Sosyal Yardım, Yerel ve Merkezi Yönetim
Sosyal yardımların üretkenliği düşürücü bir rolü olabileceğine dikkat çeken neo-liberal eleştiri hattının yerel yönetim politikaları konusunda da bir dizi eleştirisi var: Buna göre yerel yönetimlerin yoksullukla mücadeleyi pasif destekler sunarak değil, aktif biçimde, iş gücünü dönüştürerek gerçekleştirmeli. Ayni ve nakdi yardımların yerini, yoksul kitleleri istihdam piyasasına katmayı hedefleyen, onları daha verimli bir iş gücü haline getirmeyi amaçlayan eğitim, yaşam boyu öğrenme ve çalışma desteği politikaları almalı.
Yine uluslararası tartışmalardaki bir siyasi “hattın” tercümesi olan bu fikirler Türkiye gerçekliği ile uyuşmuyor. İstihdam olanaklarının son derece sınırlı olduğu, geniş tanımlı işsizliğin % 27’nin üzerinde seyrettiği ülkemizde, ayni yardımlar pek çok aile için hayati bir rol oynamakta.
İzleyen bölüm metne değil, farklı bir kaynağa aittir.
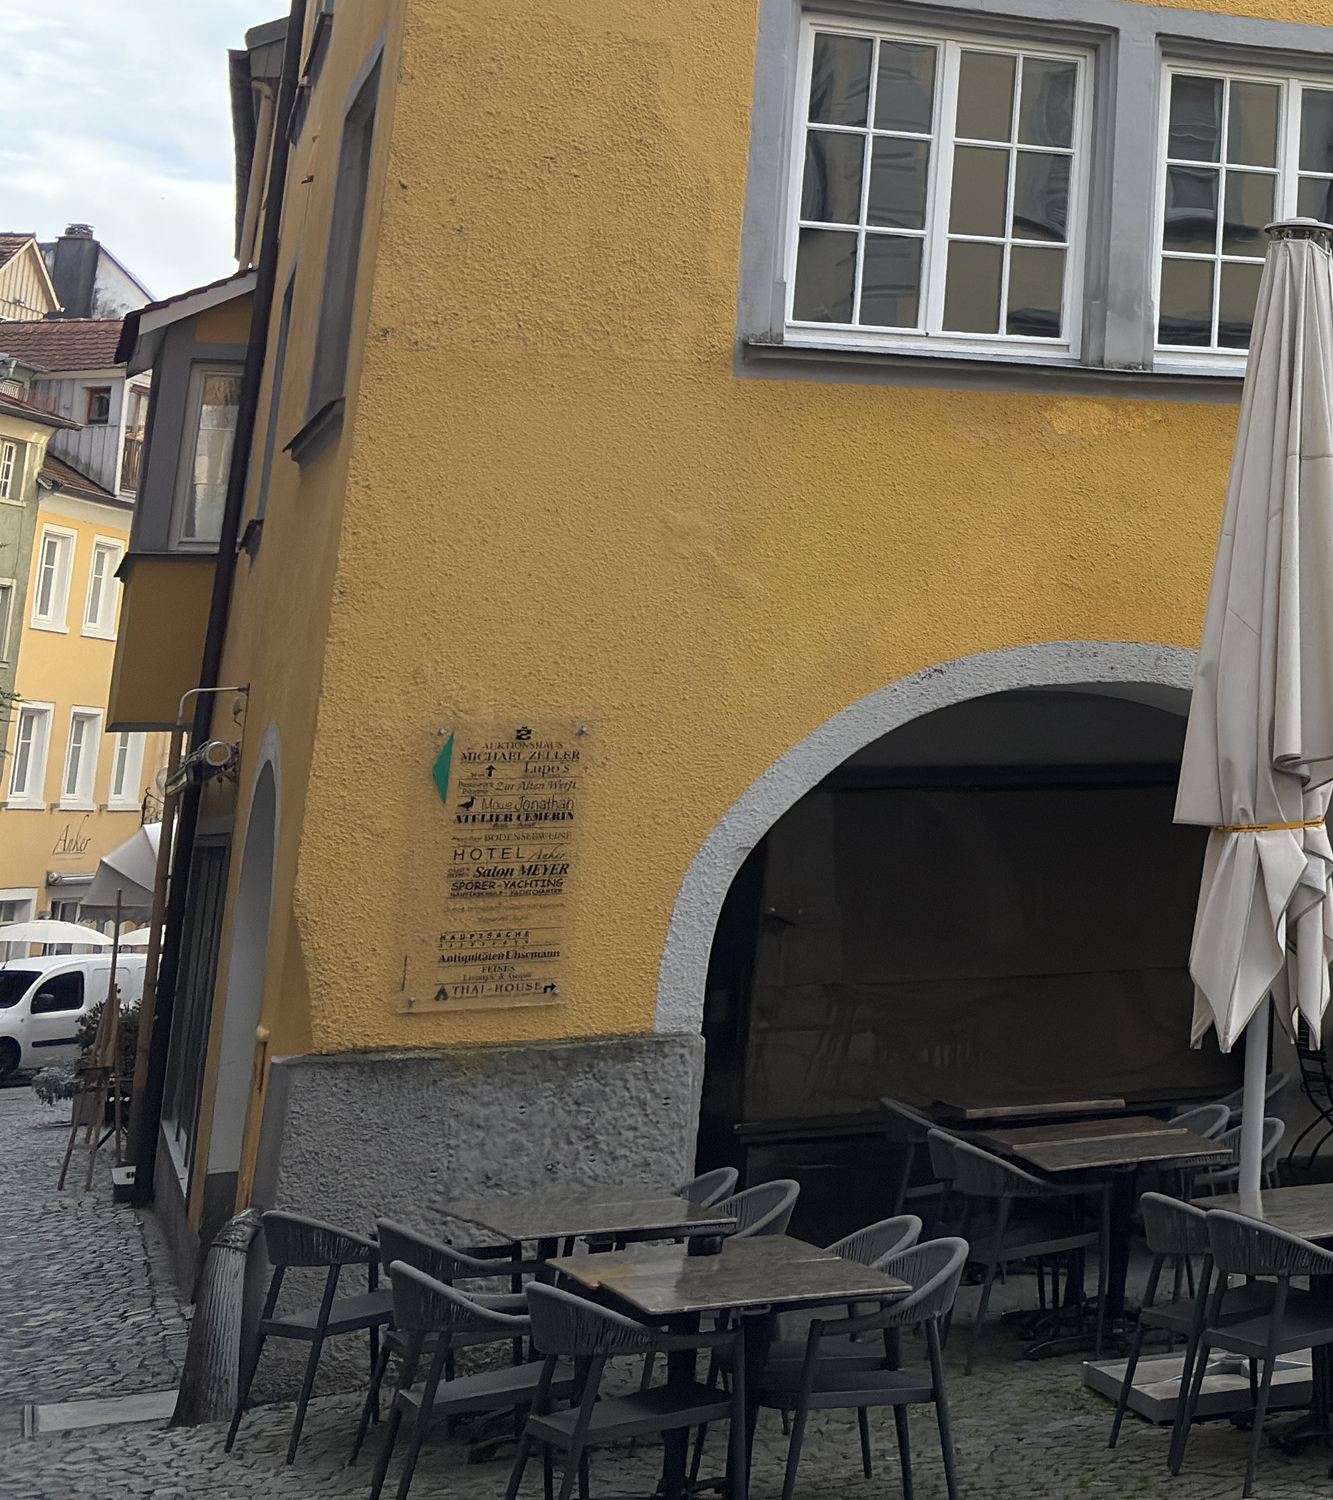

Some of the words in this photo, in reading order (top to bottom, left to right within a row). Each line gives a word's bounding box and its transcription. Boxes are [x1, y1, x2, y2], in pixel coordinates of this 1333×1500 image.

[461, 751, 525, 762] MICHAEL
[528, 750, 580, 761] ZELLER
[514, 795, 575, 811] Jonathan
[52, 814, 91, 855] Anker
[453, 847, 525, 861] HOTEL
[473, 865, 515, 878] Salon
[517, 863, 570, 876] MEYER
Bugün bir göz odasını neyle ısıtacağını düşünen, ayda bir çocuğuna bir parça et yedirmek isteyen insanlar için uzun vadeli sosyal politikalardan ziyade, kısa vadede etkin, hızlı erişebildikleri destekler çok daha önemli.
Yerel yönetimlerin sosyal yardımları işte bu hayati desteği sağlıyor. Yerelle doğrudan temas halinde olan belediyelerin ayni ağırlıklı destekleri, yoksulluk salgını karşısında hastanın yaşama tutunmasını mümkün kılıyor.
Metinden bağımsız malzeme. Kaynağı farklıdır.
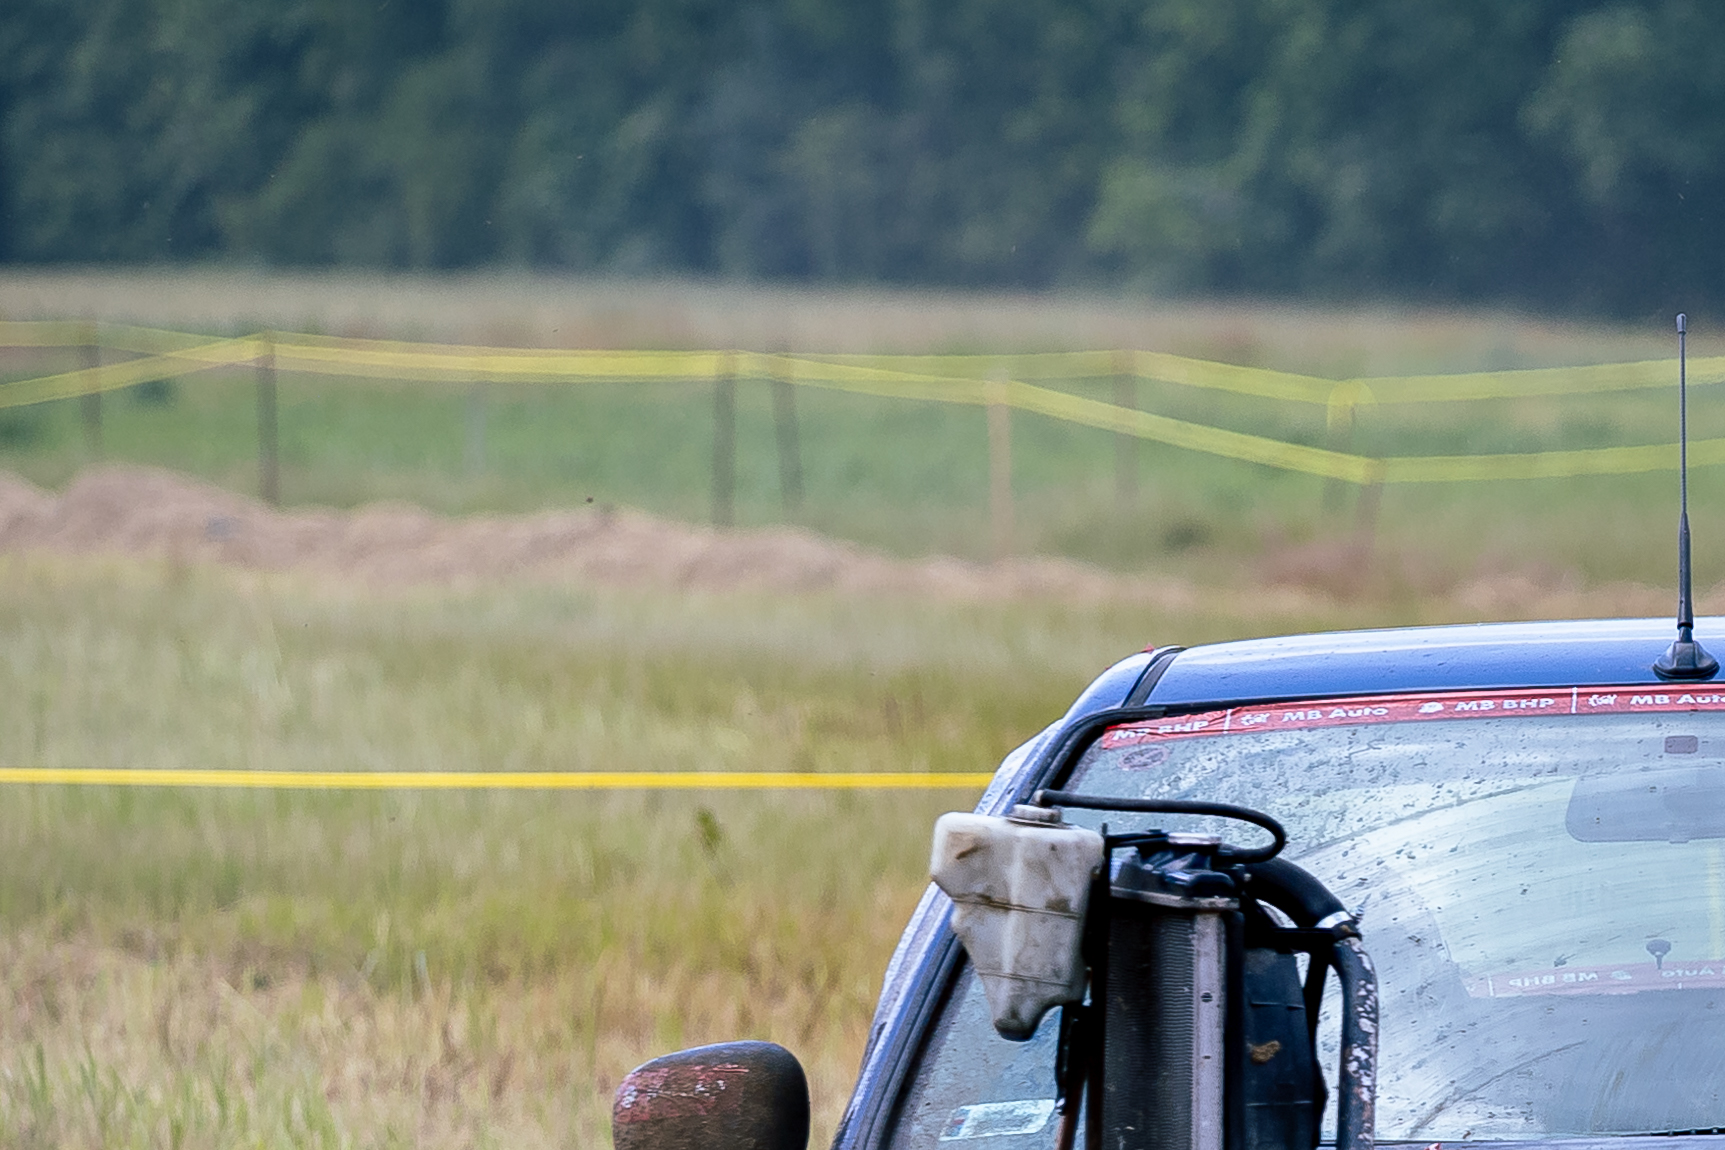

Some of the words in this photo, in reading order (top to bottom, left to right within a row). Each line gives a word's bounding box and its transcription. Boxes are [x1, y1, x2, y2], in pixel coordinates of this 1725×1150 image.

[1157, 720, 1209, 733] BHP
[1282, 710, 1321, 722] MB
[1328, 705, 1388, 719] Auto
[1455, 700, 1495, 712] MB
[1502, 697, 1554, 710] BHP
[1630, 693, 1670, 706] MB
Burada neo-liberal eleştirinin toptan haksız olmadığını belirtmeliyiz. Kalıcı yoksulluğun ortadan kaldırılması gerçekten de sosyoekonomik dönüşümleri ve bunları destekleyecek eğitim ve kültür politikalarını gerektiriyor. Fakat böylesi bir yapısal dönüşüm hamlesini gerçekleştirmek, gerek sahip olduğu kaynaklar gerekse makro ölçekli idari yetki ve kabiliyetleri bakımından merkezi yönetime düşer.
Belediyelerin sosyal desteklerini, yoksulluk hastalığının kesin çözümü olmadığı gerekçesiyle eleştirmek ve onlardan sahip oldukları sınırlı kaynakları yapısal bir dönüşüm harcamalarını beklemek yersiz olur. Böyle bir çaba istenen sosyoekonomik dönüşümü sağlayamayacağı gibi, toplumun en muhtaç kesimlerinin acil ihtiyaçlarının daha da az karşılanmasına yol açar.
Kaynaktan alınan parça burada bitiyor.